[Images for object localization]
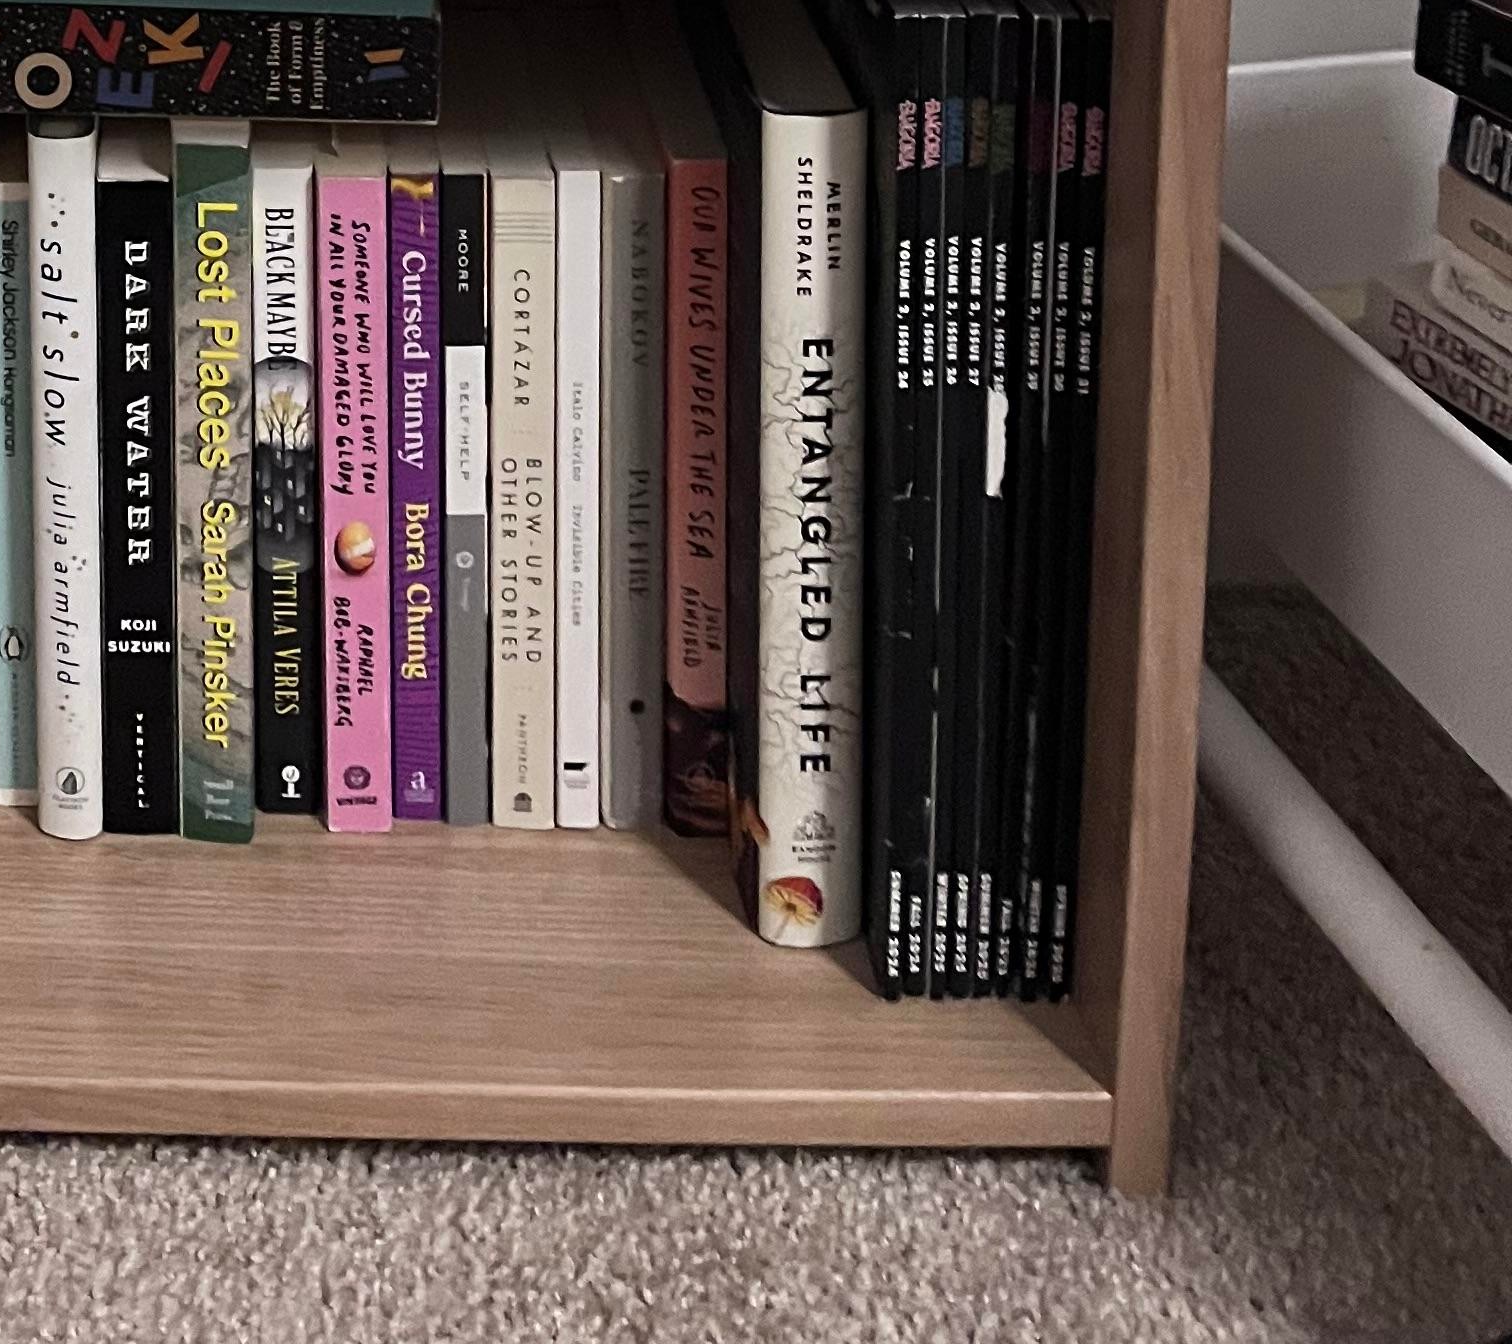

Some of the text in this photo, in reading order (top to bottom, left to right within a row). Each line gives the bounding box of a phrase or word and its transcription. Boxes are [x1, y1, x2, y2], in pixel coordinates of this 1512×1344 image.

[457, 229, 468, 292] MOORE
[796, 157, 813, 297] SHELDRAKE
[899, 240, 910, 299] VOLUME
[40, 240, 79, 686] salt slow julia armfield
[125, 241, 152, 565] DARK WATER
[197, 202, 240, 748] Lost Places Sarah Pinsker
[398, 250, 432, 680] Cursed Bunny Bora Chung
[108, 641, 171, 653] SUZUKI
[121, 619, 156, 632] KOJI
[800, 339, 834, 773] ENTANGLED LIFE
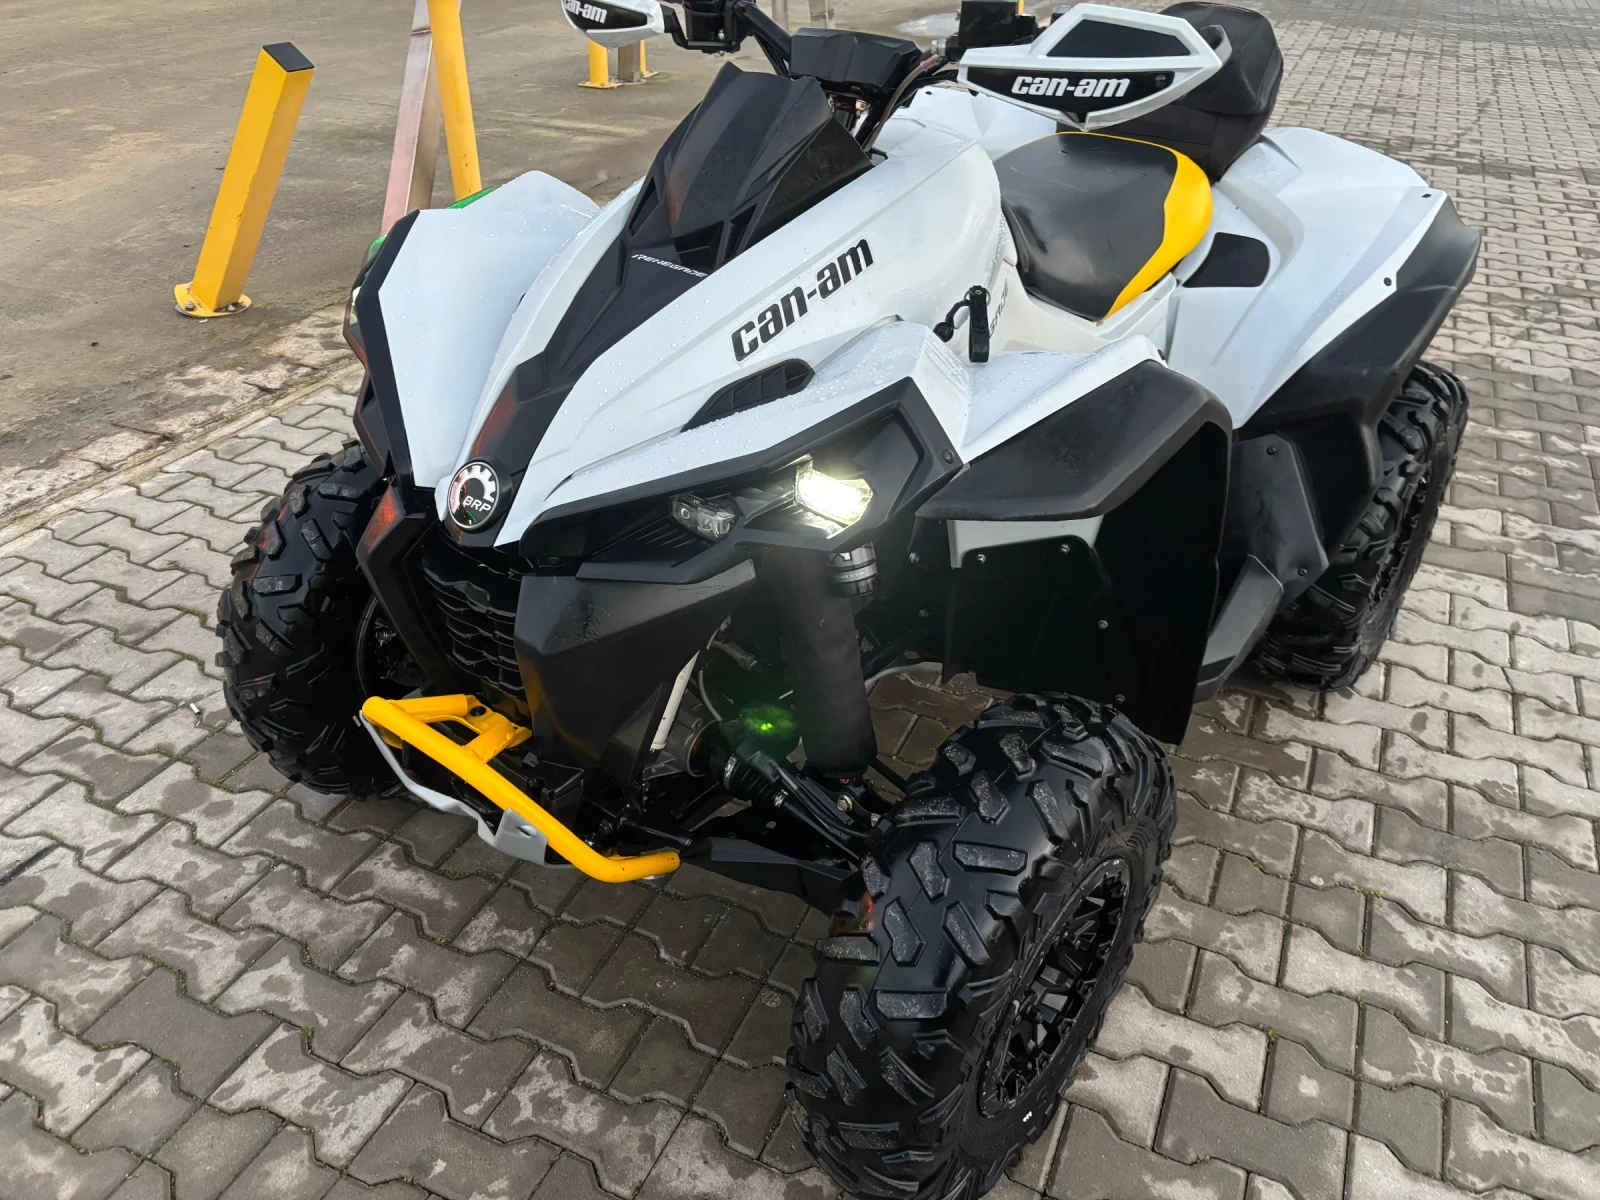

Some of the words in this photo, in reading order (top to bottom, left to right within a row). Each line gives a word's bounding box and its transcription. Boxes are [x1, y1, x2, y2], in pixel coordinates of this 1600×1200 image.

*Try it*. Copy out the entries verbatim and leave the images out.

*Answer to this problem*.
Some of the text in this photo, in reading order (top to bottom, left to right within a row). Each line gives the bounding box of a phrase or word and its transcription. Boxes are [x1, y1, x2, y2], in pixel coordinates of this 1512×1344 image.

[457, 229, 468, 292] MOORE
[796, 157, 813, 297] SHELDRAKE
[899, 240, 910, 299] VOLUME
[40, 240, 79, 686] salt slow julia armfield
[125, 241, 152, 565] DARK WATER
[197, 202, 240, 748] Lost Places Sarah Pinsker
[398, 250, 432, 680] Cursed Bunny Bora Chung
[108, 641, 171, 653] SUZUKI
[121, 619, 156, 632] KOJI
[800, 339, 834, 773] ENTANGLED LIFE

Some of the words in this photo, in reading order (top to bottom, left to right within a row). Each line gives a word's bounding box and its transcription. Boxes are [x1, y1, x2, y2], in pixel coordinates of this 1600×1200 image.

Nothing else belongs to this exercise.